═══ TASK INPUTS ═══
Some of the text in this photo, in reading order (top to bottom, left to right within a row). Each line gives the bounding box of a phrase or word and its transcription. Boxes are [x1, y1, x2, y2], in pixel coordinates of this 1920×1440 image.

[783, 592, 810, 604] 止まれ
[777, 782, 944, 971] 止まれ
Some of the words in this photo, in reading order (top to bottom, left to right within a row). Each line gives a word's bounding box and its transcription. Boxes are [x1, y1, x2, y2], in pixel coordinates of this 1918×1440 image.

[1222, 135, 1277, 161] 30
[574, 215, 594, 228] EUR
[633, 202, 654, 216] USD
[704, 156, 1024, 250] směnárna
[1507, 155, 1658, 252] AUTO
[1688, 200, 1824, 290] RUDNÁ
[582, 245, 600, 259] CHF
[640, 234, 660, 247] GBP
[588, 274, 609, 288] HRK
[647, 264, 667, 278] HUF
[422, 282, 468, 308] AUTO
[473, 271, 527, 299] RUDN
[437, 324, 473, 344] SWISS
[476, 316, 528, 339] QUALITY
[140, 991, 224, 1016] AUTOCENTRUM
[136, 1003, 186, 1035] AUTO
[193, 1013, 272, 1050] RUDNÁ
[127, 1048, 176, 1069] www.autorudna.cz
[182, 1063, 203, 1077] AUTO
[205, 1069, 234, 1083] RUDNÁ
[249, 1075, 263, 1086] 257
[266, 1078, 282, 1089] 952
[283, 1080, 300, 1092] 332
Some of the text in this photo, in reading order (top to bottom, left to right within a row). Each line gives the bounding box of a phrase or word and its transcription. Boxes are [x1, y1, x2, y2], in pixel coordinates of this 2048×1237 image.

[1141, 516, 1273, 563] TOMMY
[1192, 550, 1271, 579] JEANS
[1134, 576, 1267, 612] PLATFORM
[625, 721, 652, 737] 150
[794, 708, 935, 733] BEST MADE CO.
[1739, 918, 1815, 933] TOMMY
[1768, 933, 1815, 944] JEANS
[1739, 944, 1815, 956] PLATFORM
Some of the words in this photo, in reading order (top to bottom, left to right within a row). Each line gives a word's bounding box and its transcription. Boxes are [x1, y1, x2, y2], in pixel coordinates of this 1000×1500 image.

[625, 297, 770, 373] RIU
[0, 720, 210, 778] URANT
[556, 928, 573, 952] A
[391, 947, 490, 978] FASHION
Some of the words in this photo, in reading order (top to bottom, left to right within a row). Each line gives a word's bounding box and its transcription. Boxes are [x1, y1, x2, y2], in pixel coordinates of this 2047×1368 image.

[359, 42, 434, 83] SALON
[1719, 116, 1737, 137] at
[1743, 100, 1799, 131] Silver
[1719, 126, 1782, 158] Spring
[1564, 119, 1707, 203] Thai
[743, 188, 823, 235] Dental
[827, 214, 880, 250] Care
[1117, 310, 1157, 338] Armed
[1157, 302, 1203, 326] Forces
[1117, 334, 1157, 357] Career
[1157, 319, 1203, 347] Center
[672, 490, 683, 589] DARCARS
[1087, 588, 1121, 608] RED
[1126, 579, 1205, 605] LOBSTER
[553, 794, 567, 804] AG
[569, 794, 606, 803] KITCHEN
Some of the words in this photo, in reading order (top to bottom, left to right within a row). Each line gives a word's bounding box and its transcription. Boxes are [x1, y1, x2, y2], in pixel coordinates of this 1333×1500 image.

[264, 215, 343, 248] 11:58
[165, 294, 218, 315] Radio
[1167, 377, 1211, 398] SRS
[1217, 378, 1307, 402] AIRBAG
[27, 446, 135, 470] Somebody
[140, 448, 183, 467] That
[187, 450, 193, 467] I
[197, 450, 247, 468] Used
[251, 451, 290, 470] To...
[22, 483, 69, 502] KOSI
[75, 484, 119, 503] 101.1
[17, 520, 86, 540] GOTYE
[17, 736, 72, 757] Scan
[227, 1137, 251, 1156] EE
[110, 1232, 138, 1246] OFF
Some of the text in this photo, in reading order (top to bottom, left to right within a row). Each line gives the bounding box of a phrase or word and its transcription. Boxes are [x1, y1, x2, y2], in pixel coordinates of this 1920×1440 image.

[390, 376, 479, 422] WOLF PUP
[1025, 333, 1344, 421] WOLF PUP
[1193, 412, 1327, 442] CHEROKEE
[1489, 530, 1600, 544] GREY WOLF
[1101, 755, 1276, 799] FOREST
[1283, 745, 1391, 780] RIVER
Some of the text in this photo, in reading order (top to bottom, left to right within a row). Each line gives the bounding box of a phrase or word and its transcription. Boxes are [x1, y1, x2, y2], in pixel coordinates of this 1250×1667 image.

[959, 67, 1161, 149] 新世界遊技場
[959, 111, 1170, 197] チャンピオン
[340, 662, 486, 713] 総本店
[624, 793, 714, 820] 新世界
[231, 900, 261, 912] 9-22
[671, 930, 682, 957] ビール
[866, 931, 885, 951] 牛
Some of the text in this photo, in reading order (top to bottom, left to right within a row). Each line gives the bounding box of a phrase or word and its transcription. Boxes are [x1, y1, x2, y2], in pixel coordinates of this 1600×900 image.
═══
## DIRECTIONS
Restate the material above exactly, leaving nothing out.

## FINAL ANSWER
Some of the text in this photo, in reading order (top to bottom, left to right within a row). Each line gives the bounding box of a phrase or word and its transcription. Boxes are [x1, y1, x2, y2], in pixel coordinates of this 1920×1440 image.

[783, 592, 810, 604] 止まれ
[777, 782, 944, 971] 止まれ
Some of the words in this photo, in reading order (top to bottom, left to right within a row). Each line gives a word's bounding box and its transcription. Boxes are [x1, y1, x2, y2], in pixel coordinates of this 1918×1440 image.

[1222, 135, 1277, 161] 30
[574, 215, 594, 228] EUR
[633, 202, 654, 216] USD
[704, 156, 1024, 250] směnárna
[1507, 155, 1658, 252] AUTO
[1688, 200, 1824, 290] RUDNÁ
[582, 245, 600, 259] CHF
[640, 234, 660, 247] GBP
[588, 274, 609, 288] HRK
[647, 264, 667, 278] HUF
[422, 282, 468, 308] AUTO
[473, 271, 527, 299] RUDN
[437, 324, 473, 344] SWISS
[476, 316, 528, 339] QUALITY
[140, 991, 224, 1016] AUTOCENTRUM
[136, 1003, 186, 1035] AUTO
[193, 1013, 272, 1050] RUDNÁ
[127, 1048, 176, 1069] www.autorudna.cz
[182, 1063, 203, 1077] AUTO
[205, 1069, 234, 1083] RUDNÁ
[249, 1075, 263, 1086] 257
[266, 1078, 282, 1089] 952
[283, 1080, 300, 1092] 332
Some of the text in this photo, in reading order (top to bottom, left to right within a row). Each line gives the bounding box of a phrase or word and its transcription. Boxes are [x1, y1, x2, y2], in pixel coordinates of this 2048×1237 image.

[1141, 516, 1273, 563] TOMMY
[1192, 550, 1271, 579] JEANS
[1134, 576, 1267, 612] PLATFORM
[625, 721, 652, 737] 150
[794, 708, 935, 733] BEST MADE CO.
[1739, 918, 1815, 933] TOMMY
[1768, 933, 1815, 944] JEANS
[1739, 944, 1815, 956] PLATFORM
Some of the words in this photo, in reading order (top to bottom, left to right within a row). Each line gives a word's bounding box and its transcription. Boxes are [x1, y1, x2, y2], in pixel coordinates of this 1000×1500 image.

[625, 297, 770, 373] RIU
[0, 720, 210, 778] URANT
[556, 928, 573, 952] A
[391, 947, 490, 978] FASHION
Some of the words in this photo, in reading order (top to bottom, left to right within a row). Each line gives a word's bounding box and its transcription. Boxes are [x1, y1, x2, y2], in pixel coordinates of this 2047×1368 image.

[359, 42, 434, 83] SALON
[1719, 116, 1737, 137] at
[1743, 100, 1799, 131] Silver
[1719, 126, 1782, 158] Spring
[1564, 119, 1707, 203] Thai
[743, 188, 823, 235] Dental
[827, 214, 880, 250] Care
[1117, 310, 1157, 338] Armed
[1157, 302, 1203, 326] Forces
[1117, 334, 1157, 357] Career
[1157, 319, 1203, 347] Center
[672, 490, 683, 589] DARCARS
[1087, 588, 1121, 608] RED
[1126, 579, 1205, 605] LOBSTER
[553, 794, 567, 804] AG
[569, 794, 606, 803] KITCHEN
Some of the words in this photo, in reading order (top to bottom, left to right within a row). Each line gives a word's bounding box and its transcription. Boxes are [x1, y1, x2, y2], in pixel coordinates of this 1333×1500 image.

[264, 215, 343, 248] 11:58
[165, 294, 218, 315] Radio
[1167, 377, 1211, 398] SRS
[1217, 378, 1307, 402] AIRBAG
[27, 446, 135, 470] Somebody
[140, 448, 183, 467] That
[187, 450, 193, 467] I
[197, 450, 247, 468] Used
[251, 451, 290, 470] To...
[22, 483, 69, 502] KOSI
[75, 484, 119, 503] 101.1
[17, 520, 86, 540] GOTYE
[17, 736, 72, 757] Scan
[227, 1137, 251, 1156] EE
[110, 1232, 138, 1246] OFF
Some of the text in this photo, in reading order (top to bottom, left to right within a row). Each line gives the bounding box of a phrase or word and its transcription. Boxes are [x1, y1, x2, y2], in pixel coordinates of this 1920×1440 image.

[390, 376, 479, 422] WOLF PUP
[1025, 333, 1344, 421] WOLF PUP
[1193, 412, 1327, 442] CHEROKEE
[1489, 530, 1600, 544] GREY WOLF
[1101, 755, 1276, 799] FOREST
[1283, 745, 1391, 780] RIVER
Some of the text in this photo, in reading order (top to bottom, left to right within a row). Each line gives the bounding box of a phrase or word and its transcription. Boxes are [x1, y1, x2, y2], in pixel coordinates of this 1250×1667 image.

[959, 67, 1161, 149] 新世界遊技場
[959, 111, 1170, 197] チャンピオン
[340, 662, 486, 713] 総本店
[624, 793, 714, 820] 新世界
[231, 900, 261, 912] 9-22
[671, 930, 682, 957] ビール
[866, 931, 885, 951] 牛
Some of the text in this photo, in reading order (top to bottom, left to right within a row). Each line gives the bounding box of a phrase or word and its transcription. Boxes are [x1, y1, x2, y2], in pixel coordinates of this 1600×900 image.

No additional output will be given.